Edition 05 | 2012

ORIENTATION

Ségrégation de genre

Des mécanismes subtils influencent les choix professionnels

Malgré de nombreuses mesures d’encouragement, le fossé entre métiers à dominance masculine ou féminine reste plus marqué en Suisse qu’à l’étranger. Notre pays perd ainsi un grand potentiel de capacités et de talents.

Par Andrea Maihofer, Karin Schwiter et Nina Wehner, chercheuses au Centre Gender Studies de l’Université de Bâle

En Suisse, peu de femmes choisissent des professions typiquement masculines.

En Suisse, peu de femmes choisissent des professions typiquement masculines.

Aujourd’hui encore, certaines professions sont considérées comme typiquement féminines ou masculines. Cette préférence liée au genre peut varier au cours du temps, comme ce fut le cas chez les enseignants du primaire. En outre, le type d’attribution des professions varie fortement d’un pays à l’autre et n’est pas perçu de la même façon partout. Dans certaines régions asiatiques par exemple, des métiers techniques ne sont pas considérés comme typiquement masculins; dans de nombreux pays du Sud, les durs travaux des champs sont typiquement attribués aux femmes. Le lien créé entre le genre et une profession, considérée comme plutôt féminine ou plutôt masculine, est un phénomène culturel, donc modifiable.

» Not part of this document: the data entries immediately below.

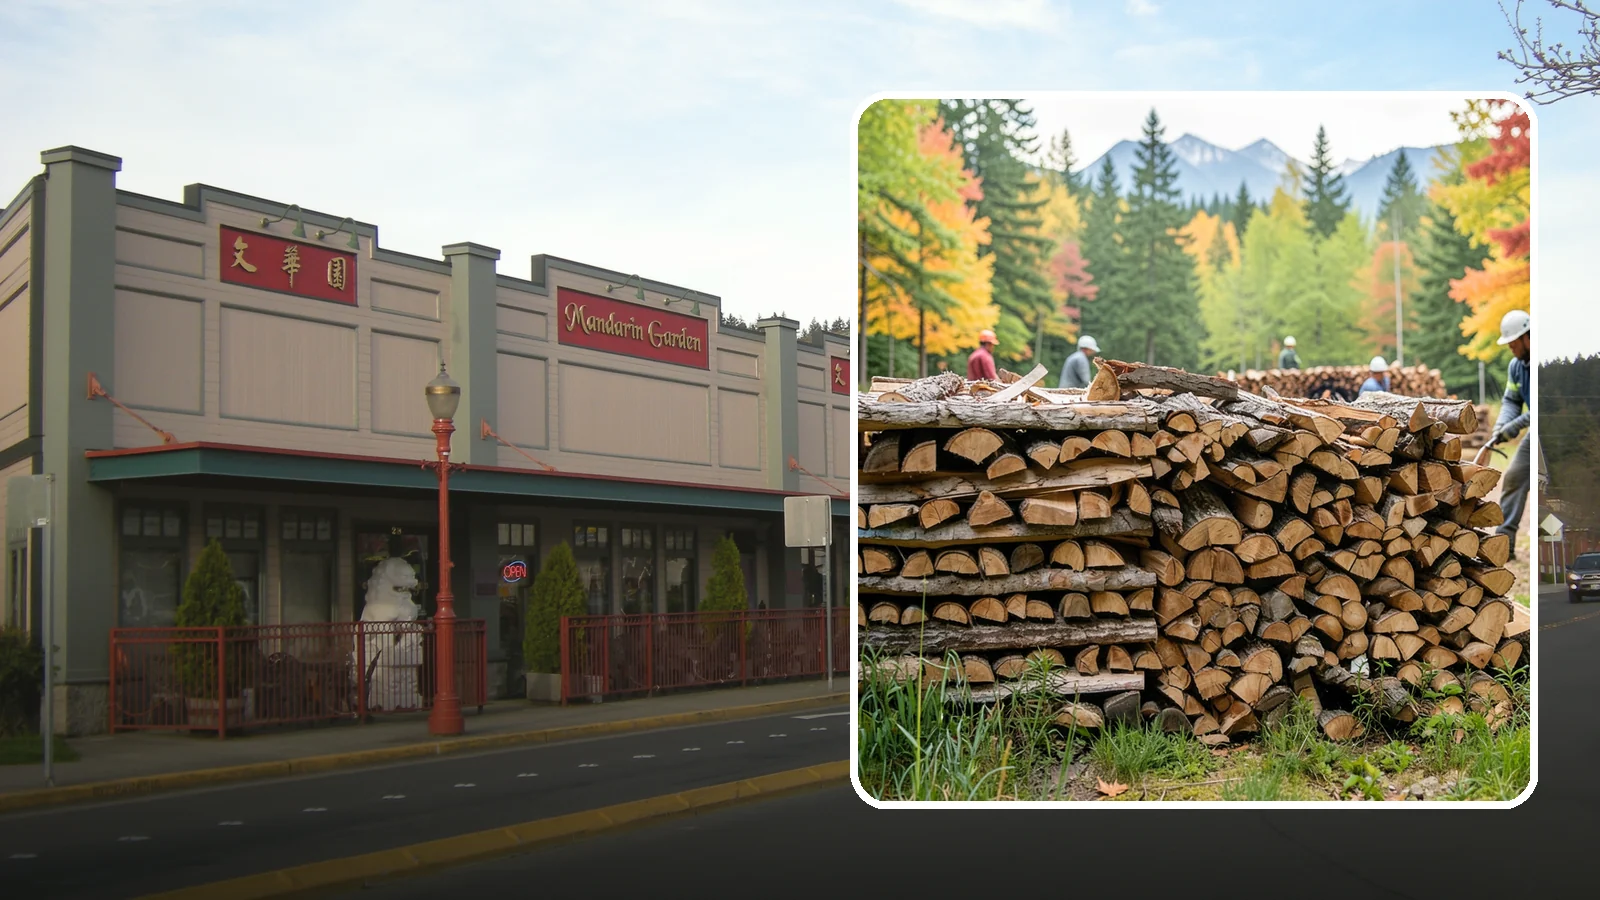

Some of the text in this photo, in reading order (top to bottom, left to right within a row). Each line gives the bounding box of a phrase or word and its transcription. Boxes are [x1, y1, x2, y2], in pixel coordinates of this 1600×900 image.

[231, 236, 346, 291] 文華園
[564, 302, 702, 352] Mandarin Garden
[504, 565, 526, 578] OPEN
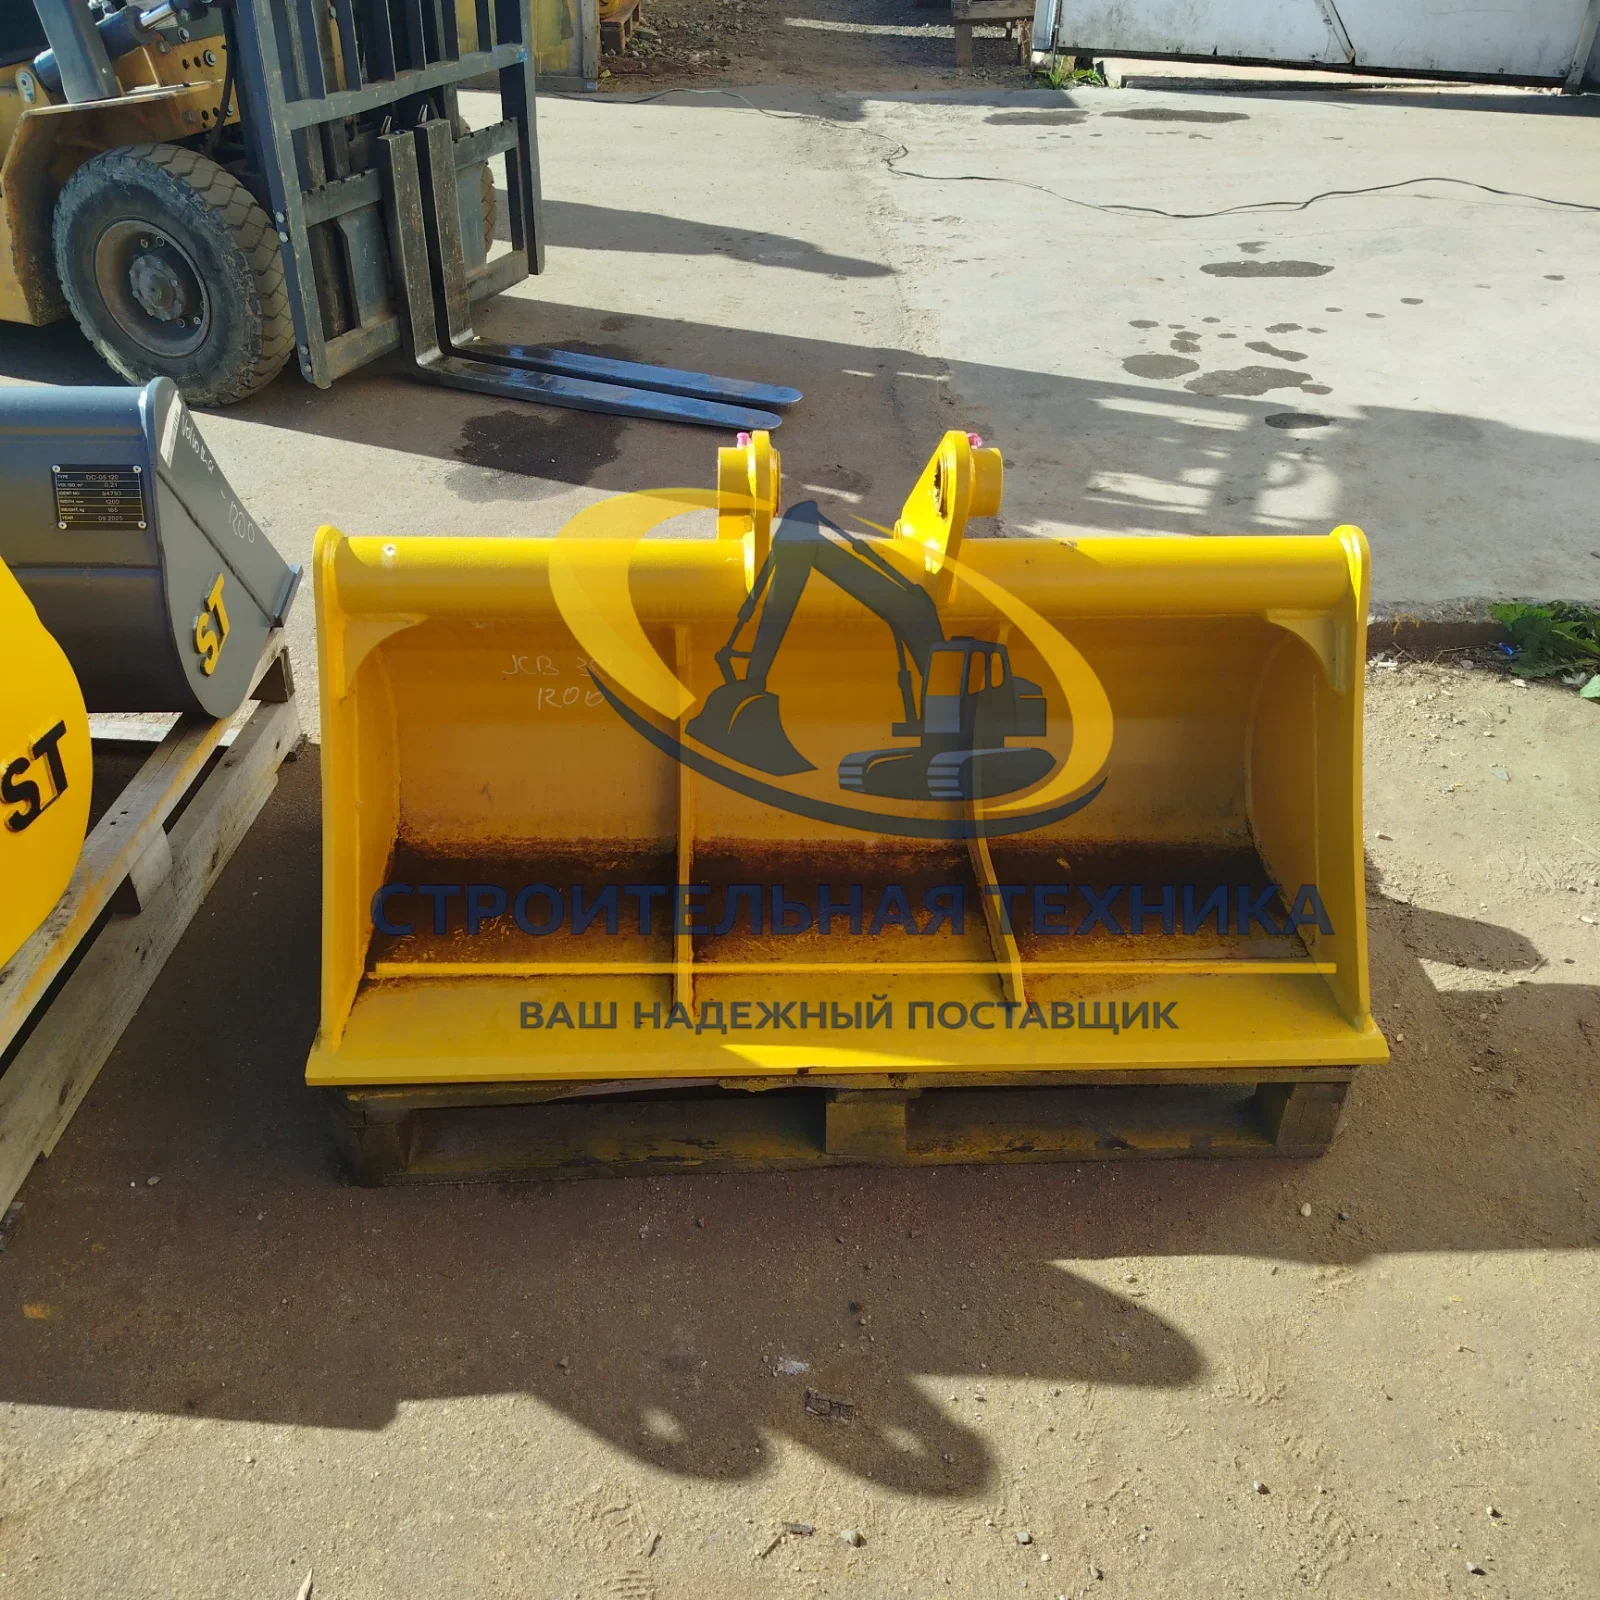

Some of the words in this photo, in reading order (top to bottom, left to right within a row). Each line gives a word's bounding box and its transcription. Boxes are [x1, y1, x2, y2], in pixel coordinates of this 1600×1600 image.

[192, 572, 230, 676] ST
[502, 654, 560, 676] JCB
[1, 719, 68, 833] ST

Et c’est justement en Suisse, pays dont le système de formation est souvent présenté comme exemplaire, que la ségrégation professionnelle basée sur le genre – donc la séparation des métiers à dominance féminine ou masculine – est nettement plus importante que dans d’autres pays. Malgré de nombreuses mesures d’encouragement, peu d’hommes s’engagent dans une profession de soins telle qu’assistant socio-éducatif et peu de femmes deviennent installatrices-électriciennes. Ces choix professionnels liés au genre s’expliquent par un éventail de mécanismes se renforçant mutuellement. En Suisse, un jeune adulte a plus de difficultés à réaliser un souhait professionnel atypique que typique en rapport avec le genre. La Suisse perd ainsi un grand potentiel de capacités et de talents.

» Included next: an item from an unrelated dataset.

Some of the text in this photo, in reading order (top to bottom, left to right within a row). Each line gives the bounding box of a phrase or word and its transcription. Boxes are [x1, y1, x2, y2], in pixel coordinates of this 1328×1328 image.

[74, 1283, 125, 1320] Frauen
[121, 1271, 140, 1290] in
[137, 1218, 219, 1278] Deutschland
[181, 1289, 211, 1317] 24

Dans le cadre d’une étude de l’Université de Bâle, de jeunes adultes ont été interrogés sur la manière dont s’était passé leur choix professionnel. Les résultats indiquent que le chemin menant à la profession est à comprendre comme un processus à long terme, débutant dès la plus tendre enfance. Déjà les tout-petits, dans leurs interactions quotidiennes avec leur environnement, apprennent ce qui convient à un garçon ou à une fille, et les «métiers de leurs rêves» sont typiques de leur genre.

Sélection automatique

Plus tard, lorsqu’ils commencent à réfléchir à des domaines professionnels possibles, leur champ d’observation est souvent déjà restreint par le filtre du genre, et ils oublient systématiquement d’autres intérêts et talents. Cette sélection automatique est bien illustrée par le cas d’un jeune homme, d’abord devenu automaticien avant de suivre une seconde formation dans les soins, où il a trouvé sa véritable vocation. Il raconte: «Le credo à l’école secondaire voulait que les hommes travaillent dans la technique et les femmes dans le social ou dans un bureau, si bien que je n’avais pas accès à autre chose ou pas réalisé qu’il existait autre chose.» Il est essentiel de connaître l’existence de ces oeillères, qui accompagnent les jeunes dès le début du processus de recherche d’une profession. L’école et l’orientation professionnelle peuvent corriger ce biais, en ramenant systématiquement les alternatives non liées au genre dans le champ de perception de ces jeunes.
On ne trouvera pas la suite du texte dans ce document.